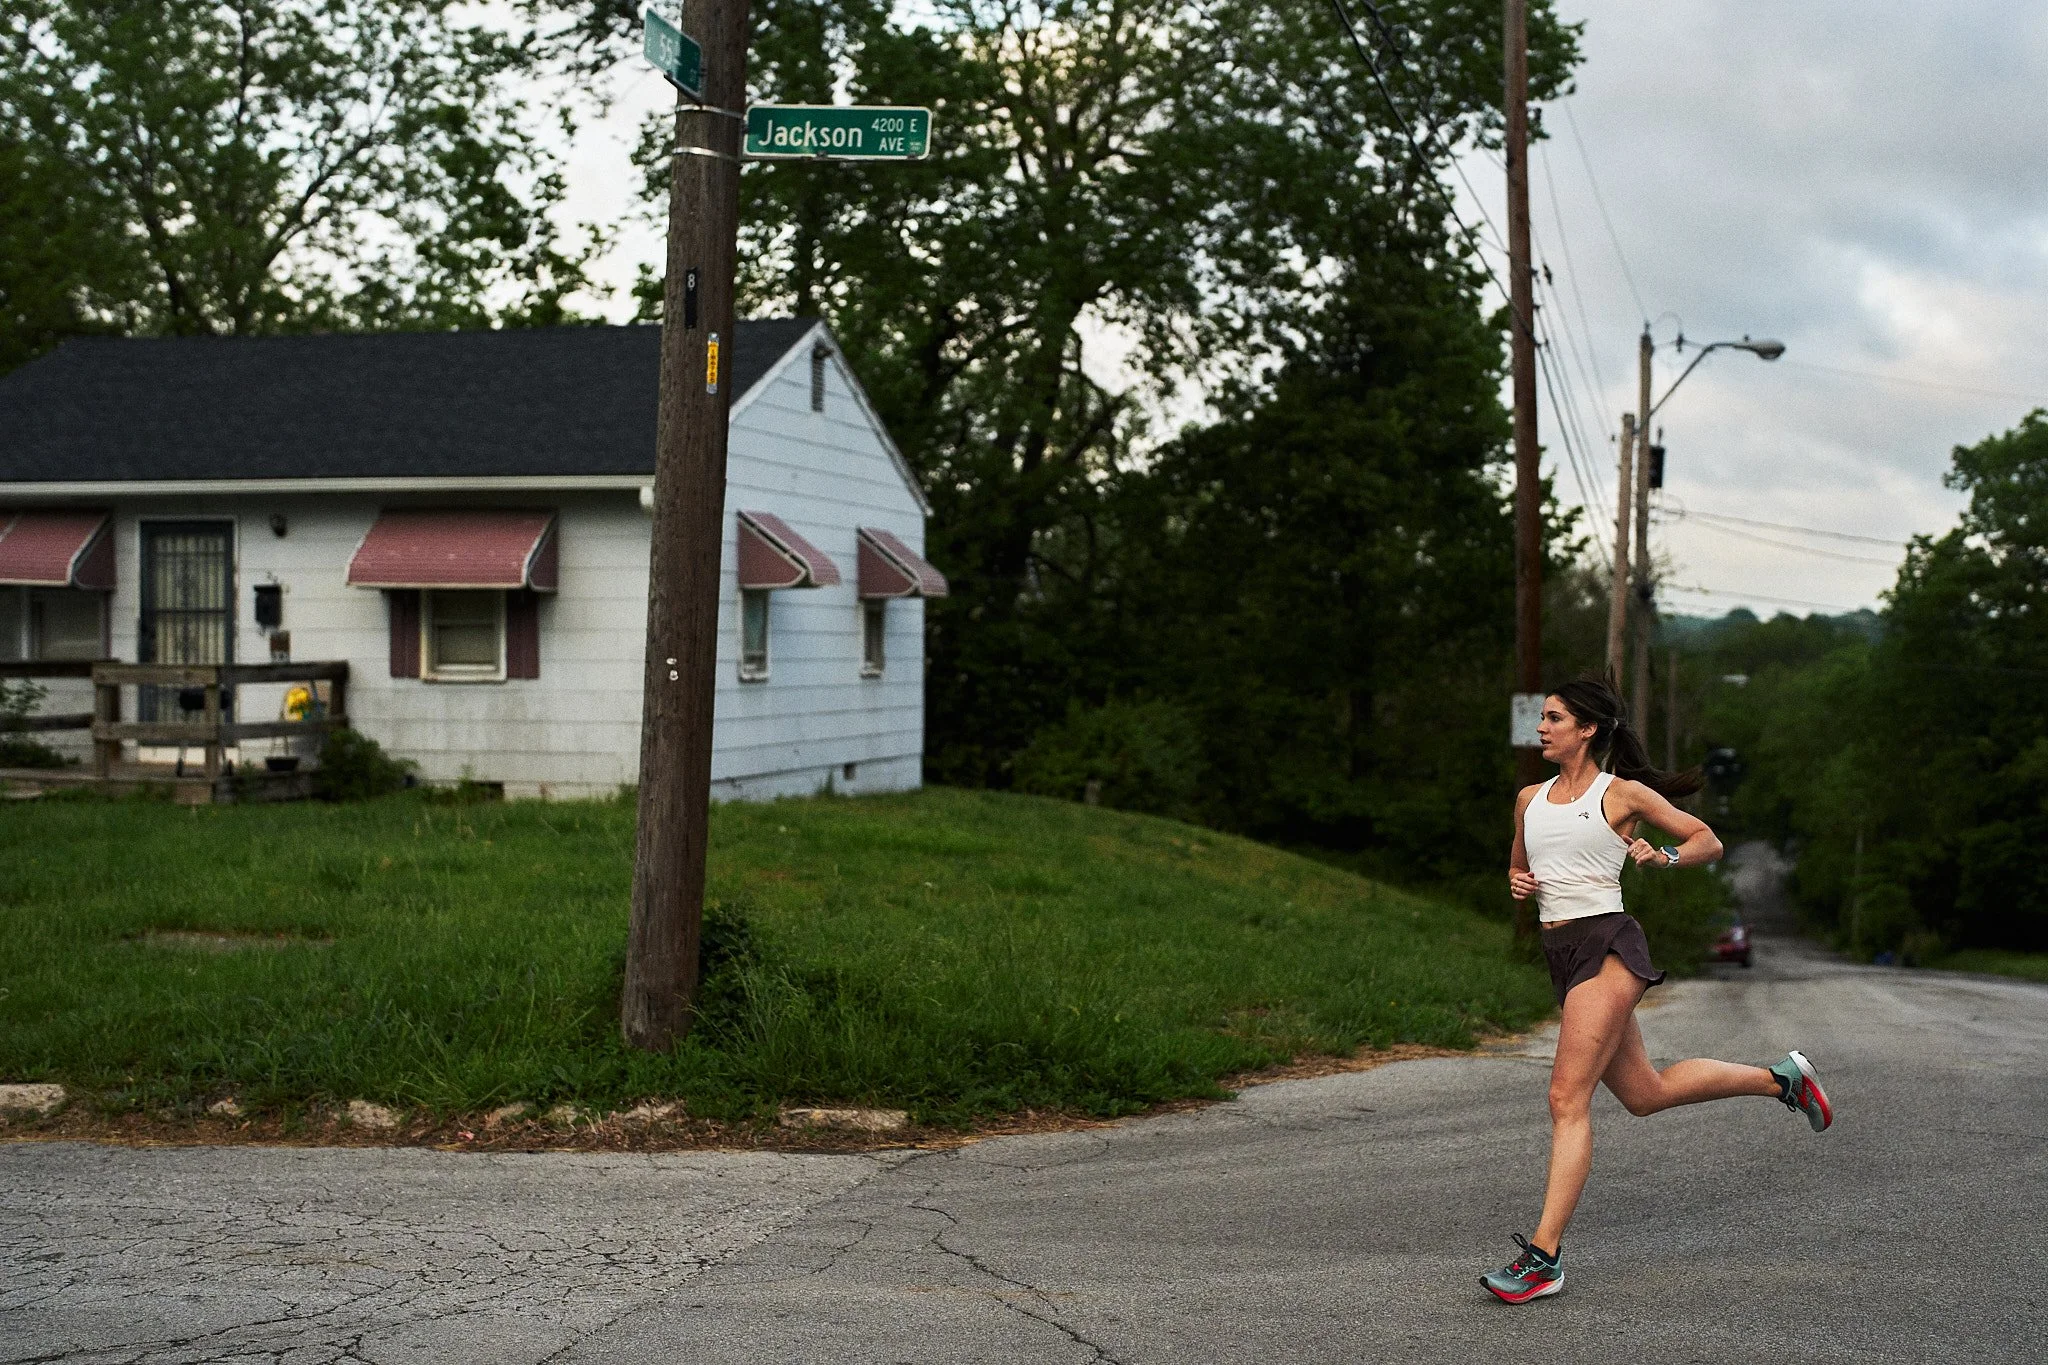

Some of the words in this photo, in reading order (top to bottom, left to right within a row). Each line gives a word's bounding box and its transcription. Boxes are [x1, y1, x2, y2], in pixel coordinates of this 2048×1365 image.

[871, 118, 904, 132] 4200
[910, 119, 918, 132] E
[758, 120, 862, 147] Jackson
[878, 137, 905, 152] AVE
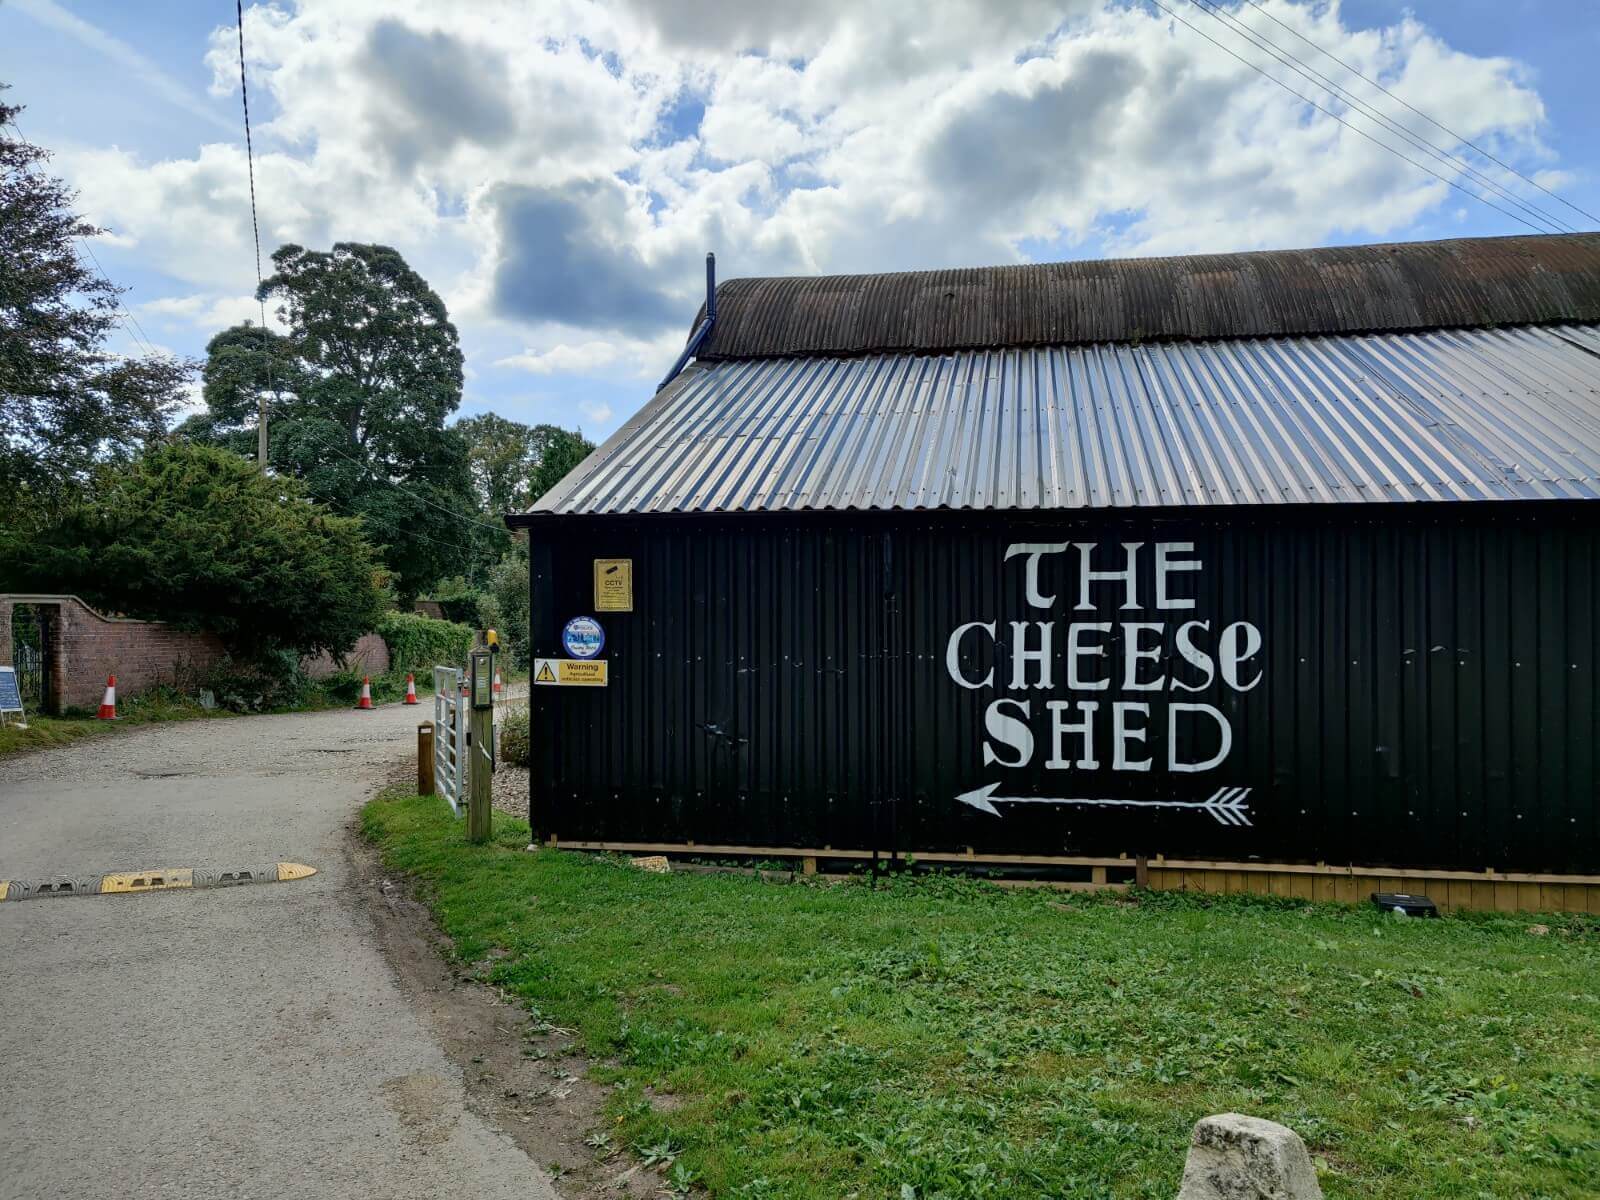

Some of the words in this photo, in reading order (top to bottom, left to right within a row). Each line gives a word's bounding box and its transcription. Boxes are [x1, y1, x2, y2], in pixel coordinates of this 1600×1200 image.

+++

What the task asks: Reproduce each entry exactly, without the pictures.

Solution to this problem:
Some of the words in this photo, in reading order (top to bottom, left to right within a row). Each line gives a word's bounding box and its transcription. Boxes are [x1, y1, x2, y2], in pixel coordinates of this 2048×1365 image.

[871, 118, 904, 132] 4200
[910, 119, 918, 132] E
[758, 120, 862, 147] Jackson
[878, 137, 905, 152] AVE

Some of the words in this photo, in reading order (top to bottom, left to right within a row). Each line gives a word's bounding box and its transcription. Boxes are [x1, y1, x2, y2], in pixel coordinates of this 1600×1200 image.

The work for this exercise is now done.